**** Provided records

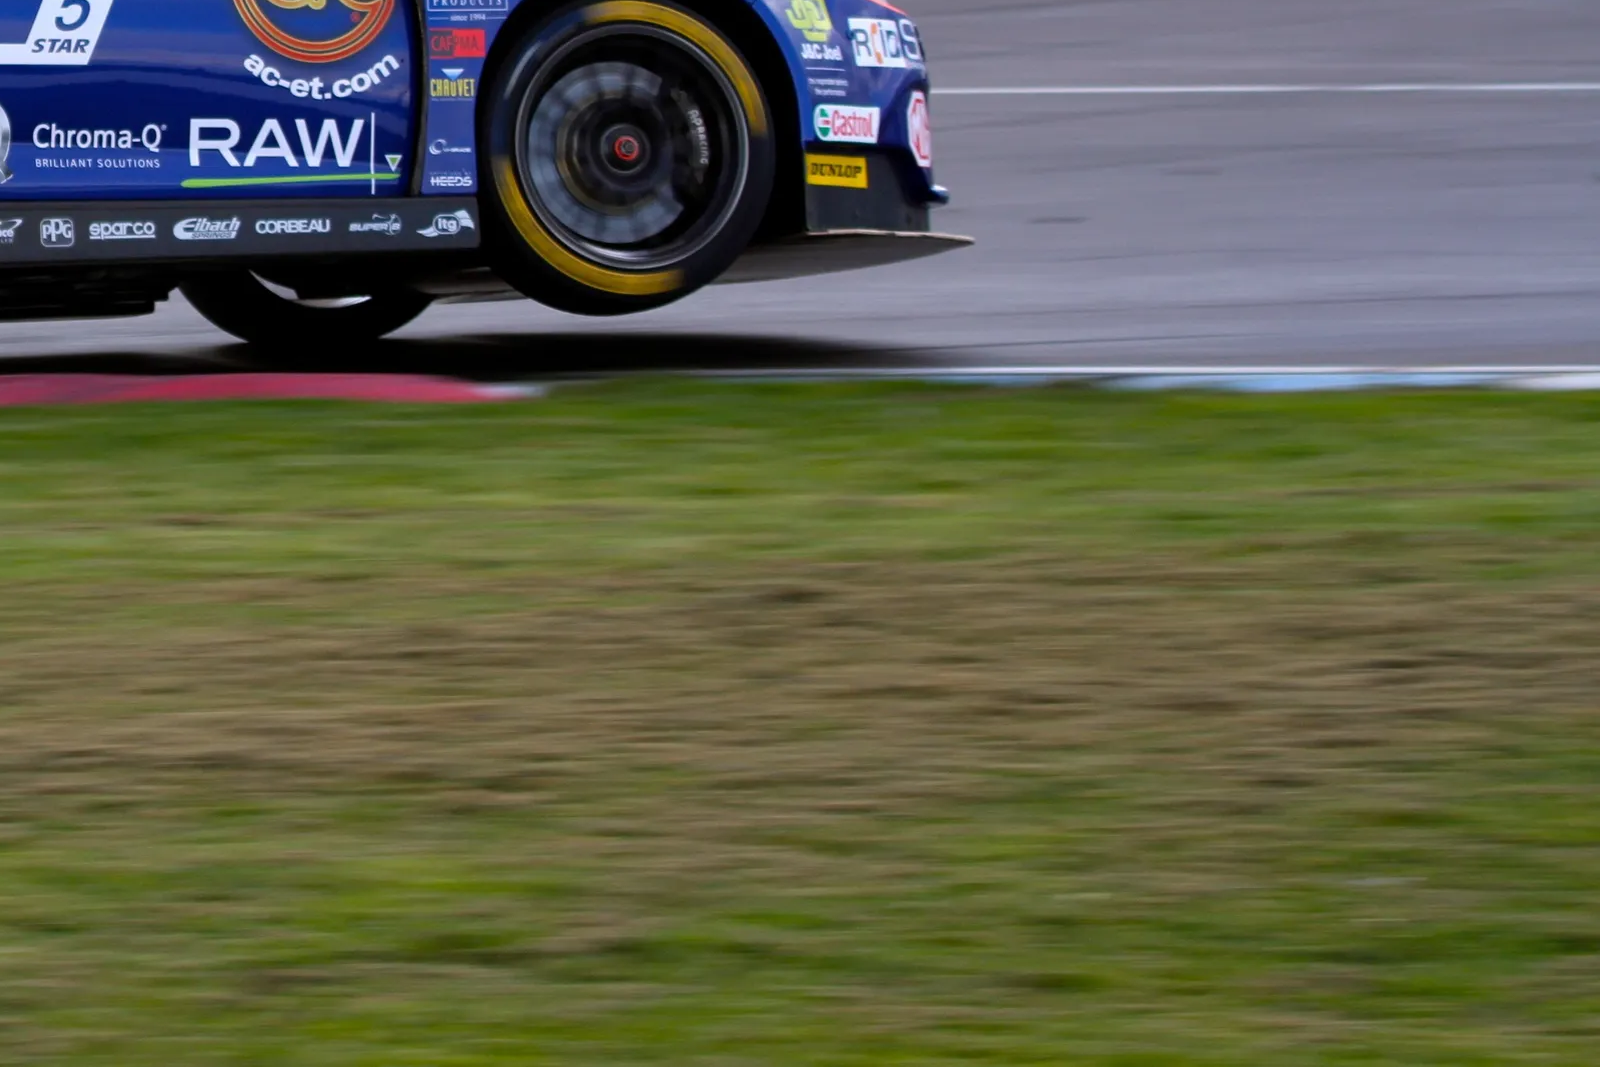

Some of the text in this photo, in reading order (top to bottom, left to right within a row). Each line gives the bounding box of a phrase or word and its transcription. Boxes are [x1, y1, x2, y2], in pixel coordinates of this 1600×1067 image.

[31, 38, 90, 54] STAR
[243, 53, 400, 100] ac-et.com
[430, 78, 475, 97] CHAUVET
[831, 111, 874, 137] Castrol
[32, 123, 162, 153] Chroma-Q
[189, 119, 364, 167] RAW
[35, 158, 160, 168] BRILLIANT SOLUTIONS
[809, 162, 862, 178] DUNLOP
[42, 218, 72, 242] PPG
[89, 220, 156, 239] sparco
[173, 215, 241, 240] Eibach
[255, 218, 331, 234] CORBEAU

********

=== Exercise details ===
Above is a listing with pictures. Write it out exactly without them.

=== Exercise output ===
Some of the text in this photo, in reading order (top to bottom, left to right within a row). Each line gives the bounding box of a phrase or word and its transcription. Boxes are [x1, y1, x2, y2], in pixel coordinates of this 1600×1067 image.

[31, 38, 90, 54] STAR
[243, 53, 400, 100] ac-et.com
[430, 78, 475, 97] CHAUVET
[831, 111, 874, 137] Castrol
[32, 123, 162, 153] Chroma-Q
[189, 119, 364, 167] RAW
[35, 158, 160, 168] BRILLIANT SOLUTIONS
[809, 162, 862, 178] DUNLOP
[42, 218, 72, 242] PPG
[89, 220, 156, 239] sparco
[173, 215, 241, 240] Eibach
[255, 218, 331, 234] CORBEAU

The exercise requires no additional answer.